The Himalayan country named Nepala with its capital in Kathmandu Valley was well-known in the Indian sub-continent by at least 2,500 years ago. Historical discussions on the etymology of Nepal incorporated elements of Hindu and Buddhist myths; these legends are not considered academically credible. The origin of the term Nepal is an area of ongoing investigation. Multiple hypotheses have been put forward by modern scholars to varying level of support. It is generally accepted that Nepal and Newar—the latter refers to the ethnic group indigenous to the Kathmandu Valley—are different forms of the same word.

Etymology of Nepal
The precise origin of the term Nepāl is uncertain. Academic attempts to provide a plausible theory are hindered by the lack of a complete picture of history, and insufficient understanding of linguistics or relevant Indo-European and Tibeto-Burman languages.

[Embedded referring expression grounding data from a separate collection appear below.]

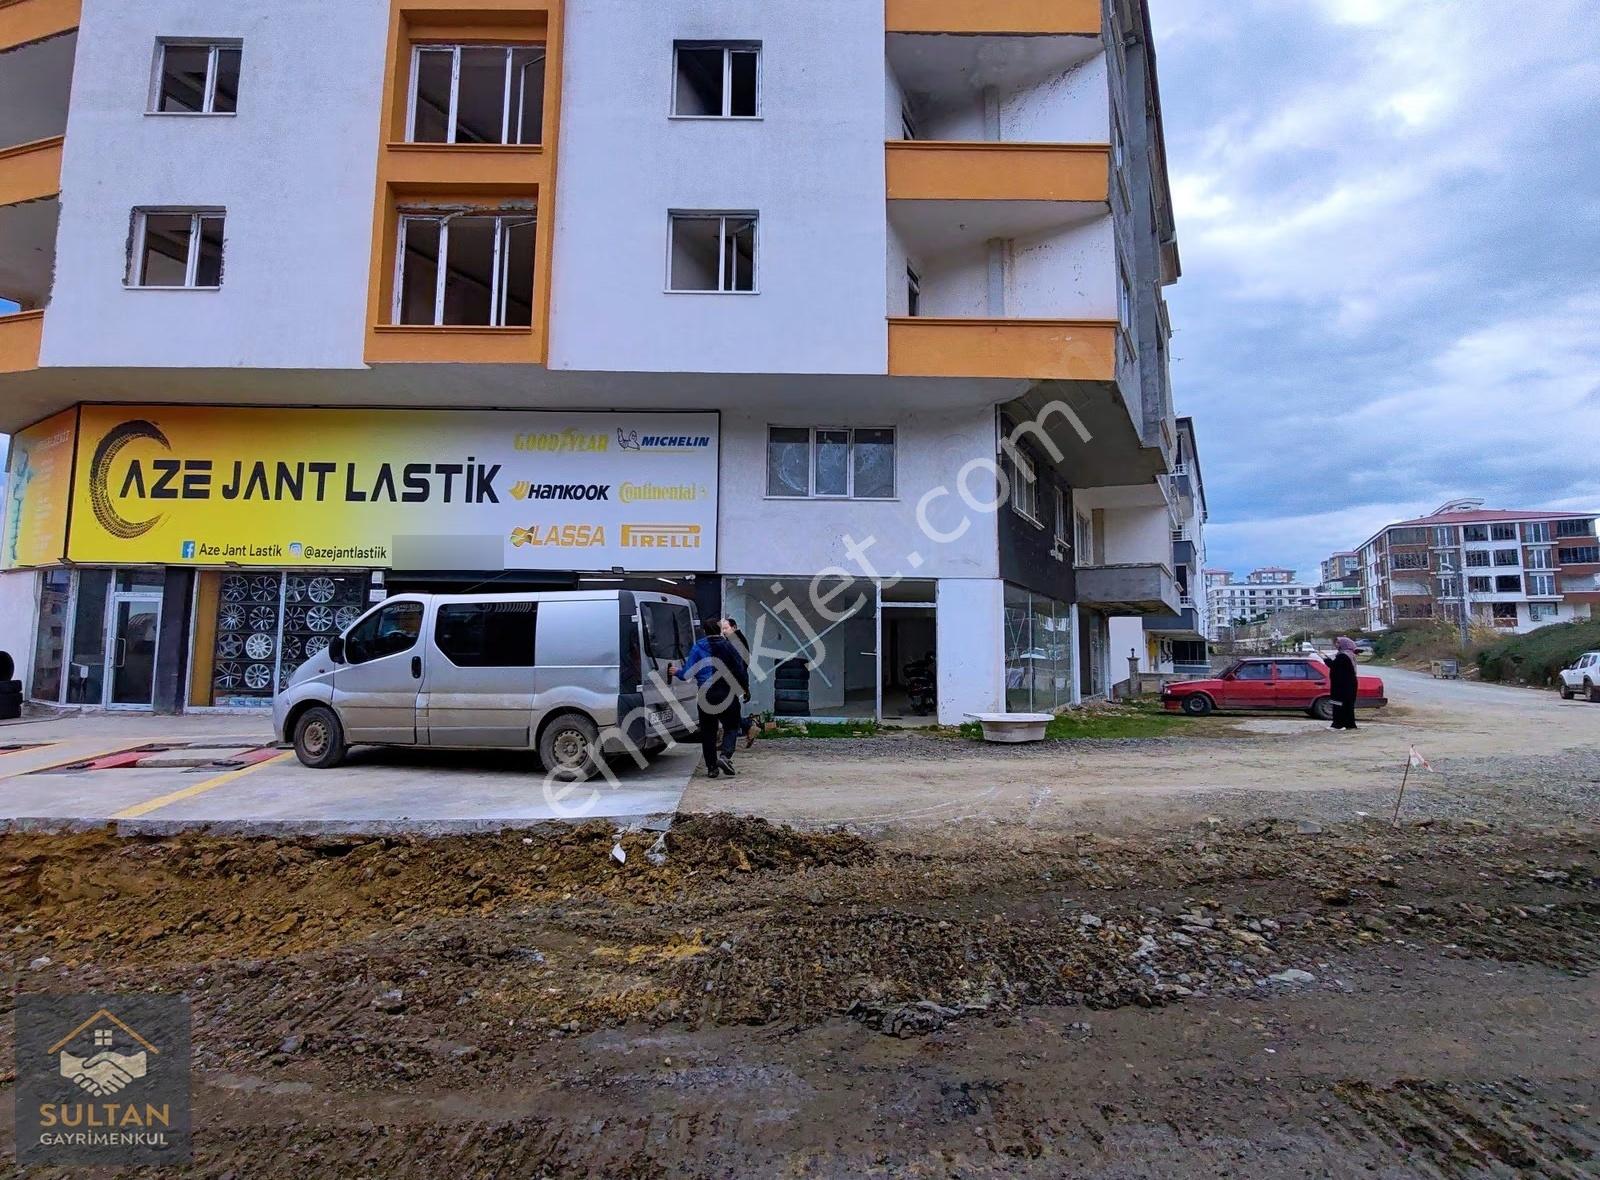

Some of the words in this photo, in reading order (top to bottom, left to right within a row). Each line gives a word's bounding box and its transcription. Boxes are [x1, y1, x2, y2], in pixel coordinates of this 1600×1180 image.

[641, 436, 710, 448] MICHELIN
[119, 459, 213, 500] AZE
[222, 460, 337, 502] JANT
[345, 456, 502, 504] LASTİK
[619, 481, 697, 503] Continental
[532, 525, 606, 548] LASSA
[620, 524, 701, 548] PIRELLI
[199, 543, 221, 556] Aze
[222, 544, 247, 557] Jant
[249, 543, 283, 558] Lastik
[303, 545, 387, 562] @azejantlastiik
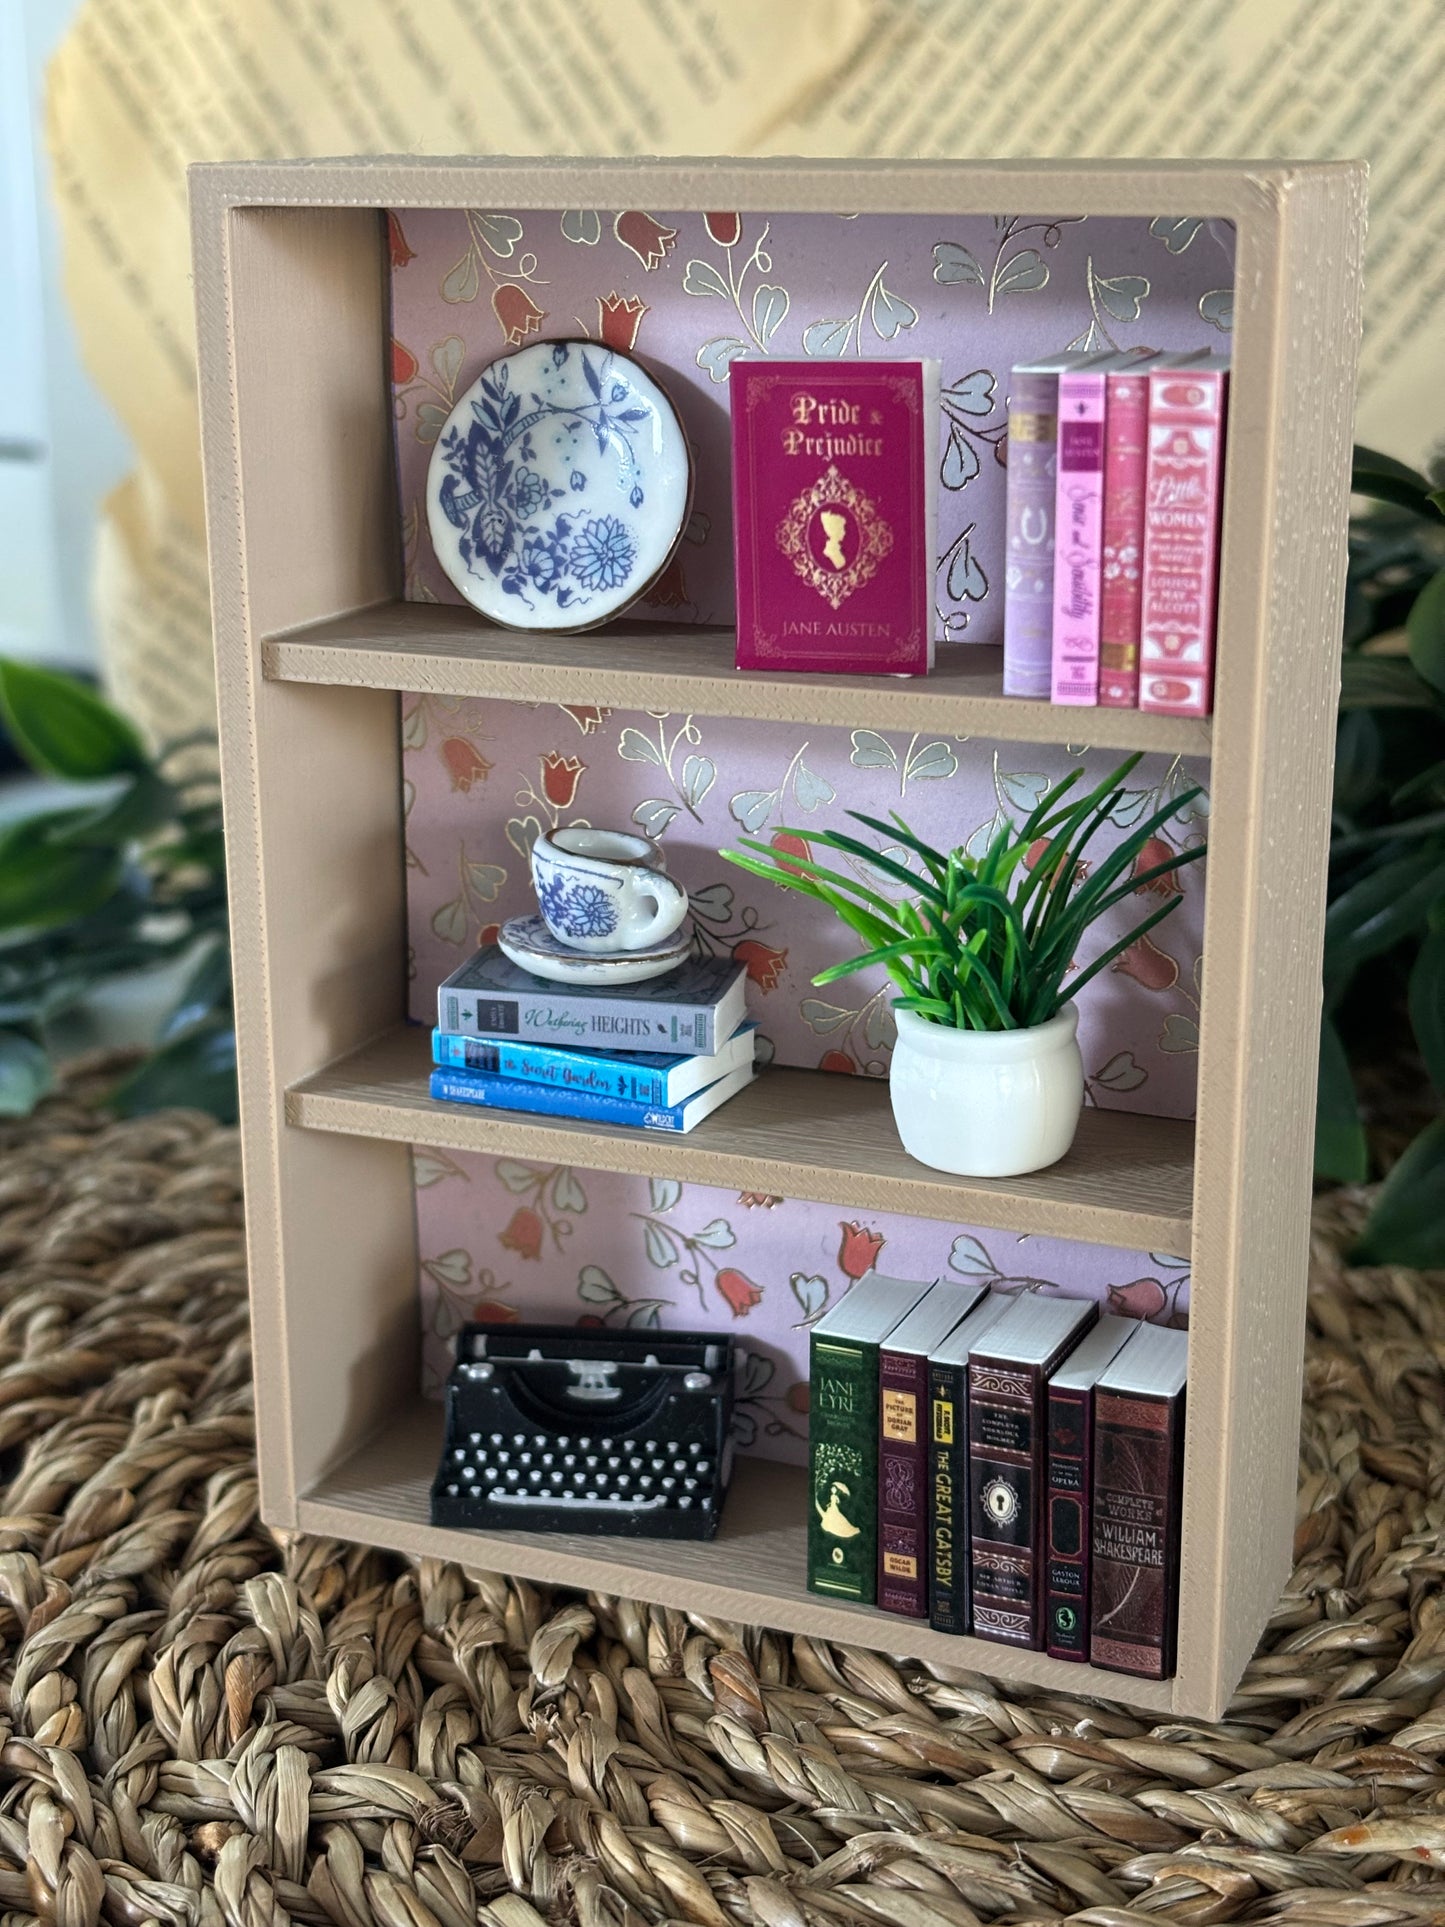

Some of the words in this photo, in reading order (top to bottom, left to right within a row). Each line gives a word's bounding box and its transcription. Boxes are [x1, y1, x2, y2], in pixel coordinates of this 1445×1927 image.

[790, 391, 861, 426] Pride
[780, 427, 884, 461] Prejudice
[1149, 511, 1206, 526] WOMEN
[782, 620, 822, 637] JANE
[825, 623, 891, 638] AUSTEN
[591, 1015, 651, 1036] HEIGHTS
[886, 1404, 914, 1415] PICTURE
[887, 1416, 912, 1427] DORIAN
[891, 1423, 909, 1433] GRAY
[937, 1450, 950, 1472] THE
[1051, 1476, 1080, 1487] OPERA
[935, 1473, 953, 1526] GREAT
[1108, 1503, 1153, 1522] WORKS
[1102, 1522, 1157, 1548] WILLIAM
[889, 1556, 912, 1566] OSCAR
[935, 1527, 953, 1588] GATSBY
[1094, 1537, 1165, 1566] SHAKESPEARE
[1051, 1568, 1081, 1580] GASTON

According to Hindu mythology, Nepal derives its name from an ancient Hindu sage called Ne, referred to variously as Ne Muni or Nemi. According to Pashupati Purana, as a place protected by Ne, the country in the heart of the Himalayas came to be known as Nepal. The word pala in Pali language means to protect. Consequently, Nepala translates to protected by Ne. According to Nepal Mahatmya, of 30 chapters about the Nepal Tirtha (pilgrimage) region, a regional text that claims to be a part of the Skanda Purana, the largest Mahāpurāṇa, Nemi was charged with protection of the country by Pashupati.

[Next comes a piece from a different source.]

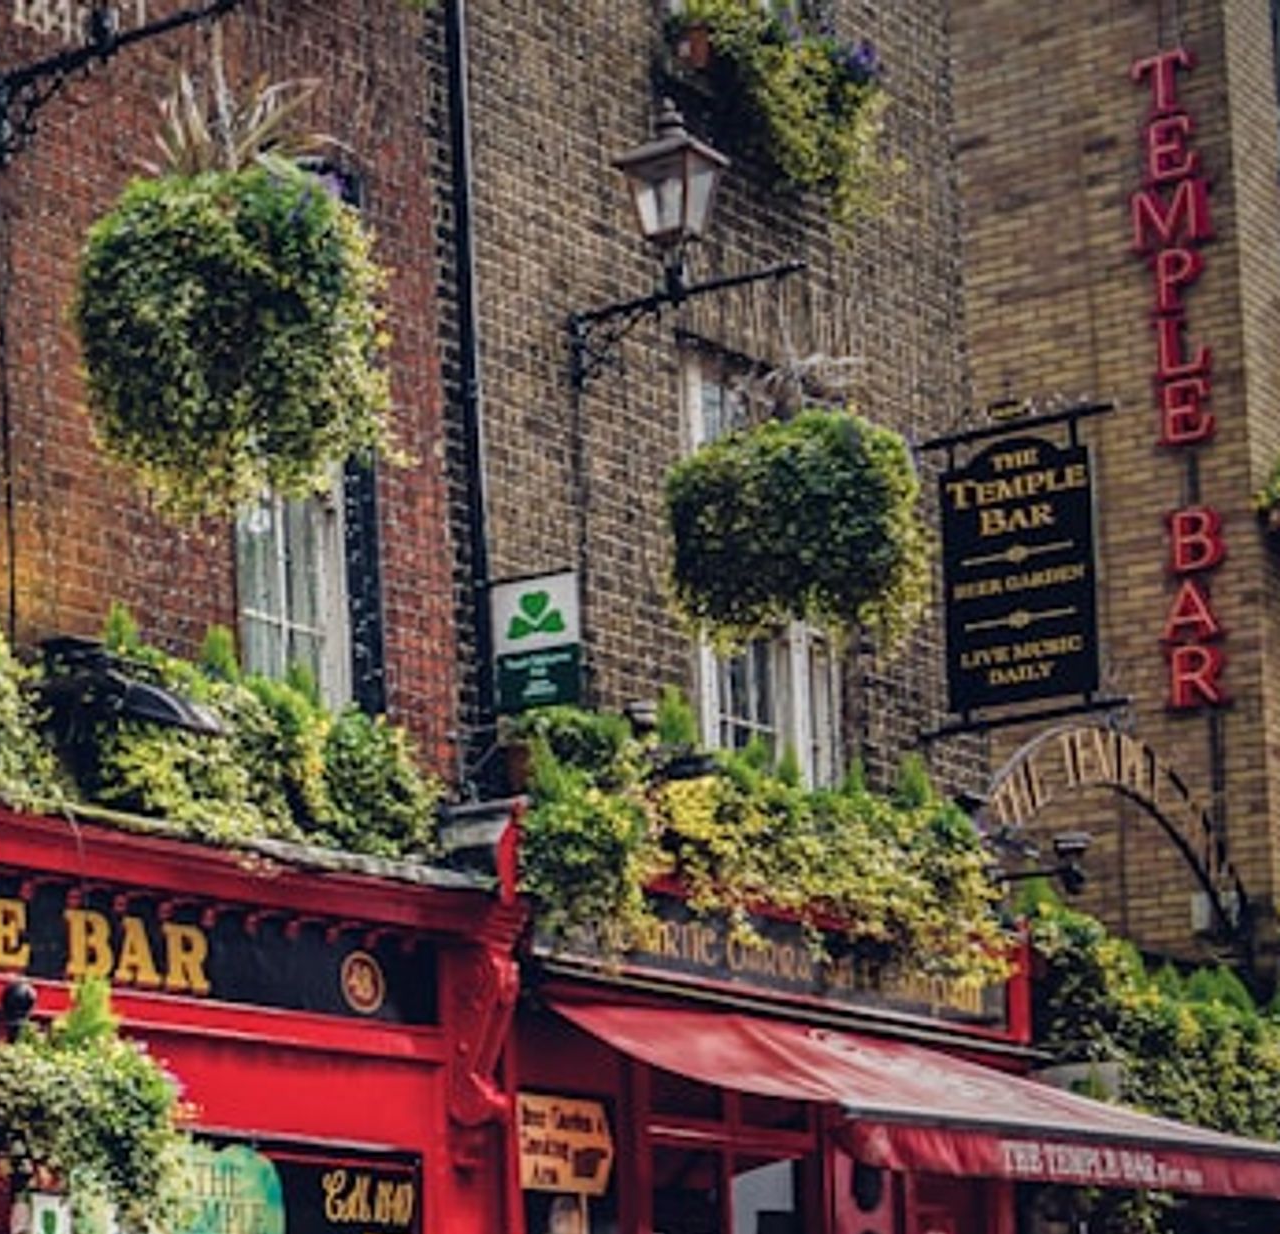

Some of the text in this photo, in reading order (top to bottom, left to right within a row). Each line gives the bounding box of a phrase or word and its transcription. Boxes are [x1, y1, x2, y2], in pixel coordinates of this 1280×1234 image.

According to Buddhist mythology, Manjushri Bodhisattva drained a primordial lake of serpents to create the Nepal valley and proclaimed that Adi-Buddha Ne would take care of the community that would settle it. As the cherished of Ne, the valley would be called Nepal.

According to Gopalarajvamshavali, the genealogy of ancient Gopala dynasty compiled circa 1380s, Nepal is named after Nepa the cowherd, the founder of the Nepali scion of the Abhiras. In this account, the cow that issued milk to the spot, at which Nepa discovered the Jyotirlinga of Pashupatinath upon investigation, was also named Ne.

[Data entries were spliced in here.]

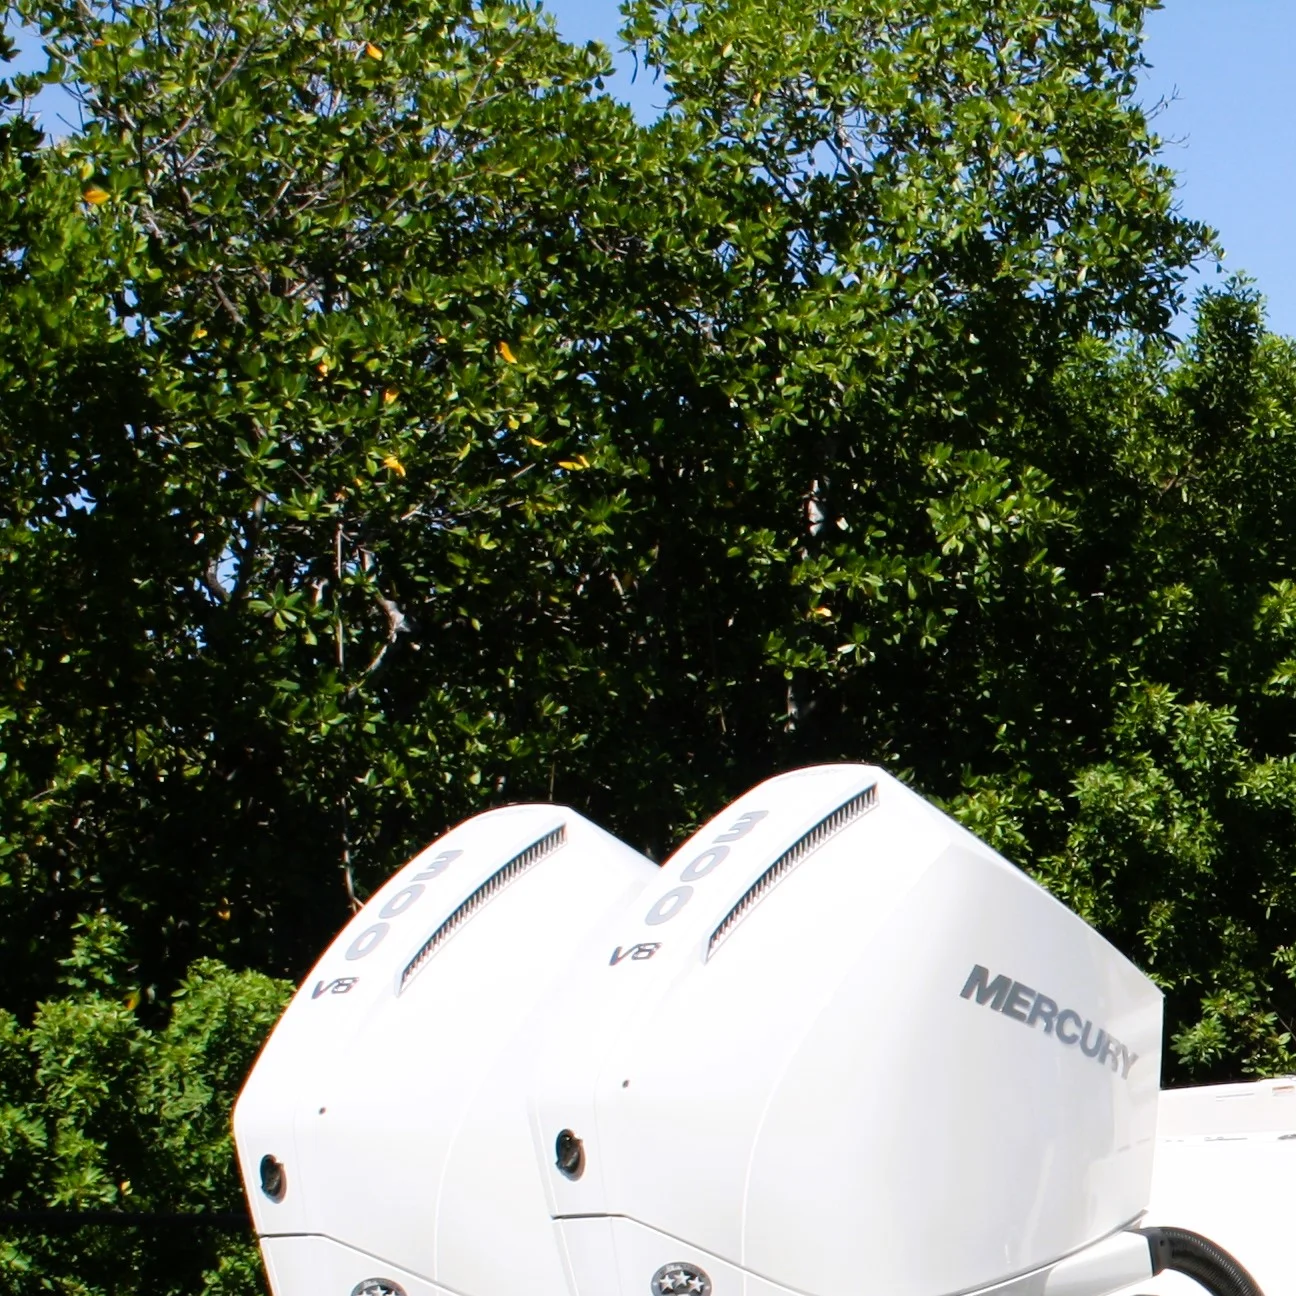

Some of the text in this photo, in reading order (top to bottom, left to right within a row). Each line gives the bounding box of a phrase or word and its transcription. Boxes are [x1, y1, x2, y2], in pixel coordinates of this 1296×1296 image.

[345, 849, 464, 961] 300
[644, 809, 770, 926] 300
[311, 976, 360, 1000] V8
[608, 941, 663, 967] V8
[959, 963, 1139, 1081] MERCURY

Norwegian Indologist Christian Lassen had proposed that Nepala was a compound of Nipa (foot of a mountain) and -ala (short suffix for alaya meaning abode), and so Nepala meant "abode at the foot of the mountain". He considered Ne Muni to be a fabrication. Indologist Sylvain Levi found Lassen's theory untenable but had no theories of his own, only suggesting that either Newara is a vulgarism of sanskritic Nepala, or Nepala is Sanskritisation of the local ethnic; his view has found some support though it does not answer the question of etymology. It has also been proposed that Nepa is a Tibeto-Burman stem consisting of Ne (cattle) and Pa (keeper), reflecting the fact that early inhabitants of the valley were Gopalas (cowherds) and Mahispalas (buffalo-herds). Suniti Kumar Chatterji thought Nepal originated from Tibeto-Burman roots- Ne, of uncertain meaning (as multiple possibilities exist), and pala or bal, whose meaning is lost entirely.

History
The Mahabharata refers to Nepal as Kiratadesa, literally "the country of Kiratas", providing no other clue as to the location or extent of the country. Aside from that, ancient texts mention only of the people, the Kiratas, inhabiting the northern frontier of the Indian sub-continent, often associating them with the Chinese. These include the Rigveda, Ramayana, Manusmriti, the Chinese text P'ou-Yeo king (translated in 308) which refers to them by the name "Yi-Ti-Sai" (barbarians to the north), and the writings of Periplus and Ptolemy, both of whom place the Kirata country at the mouth of the Ganges.

Kautilya's is the first known writing to mention the country by the name Nepala. Since then, Nepala has continually referred to the Himalayan country with its capital in the Kathmandu Valley, though its extent fluctuated throughout history.

Names of modern Nepal
In its early days after unification, Nepal was known as the "Gorkha kingdom" or "Gorkha empire", having been founded by conquests of the Gorkha kingdom. In his Dibyopadesh, Prithvi Narayan Shah proclaimed Nepal "Asal Hindustan", or the true land of the Hindus, as a Hindu state which had not been conquered by the Mughals or the British.

As a monarchy, Nepal was officially the "Kingdom of Nepal". After the 2006 revolution, Nepal shed off the monarchy to become the "State of Nepal". It officially became the "Federal Democratic Republic of Nepal" with the promulgation of the new constitution in 2015.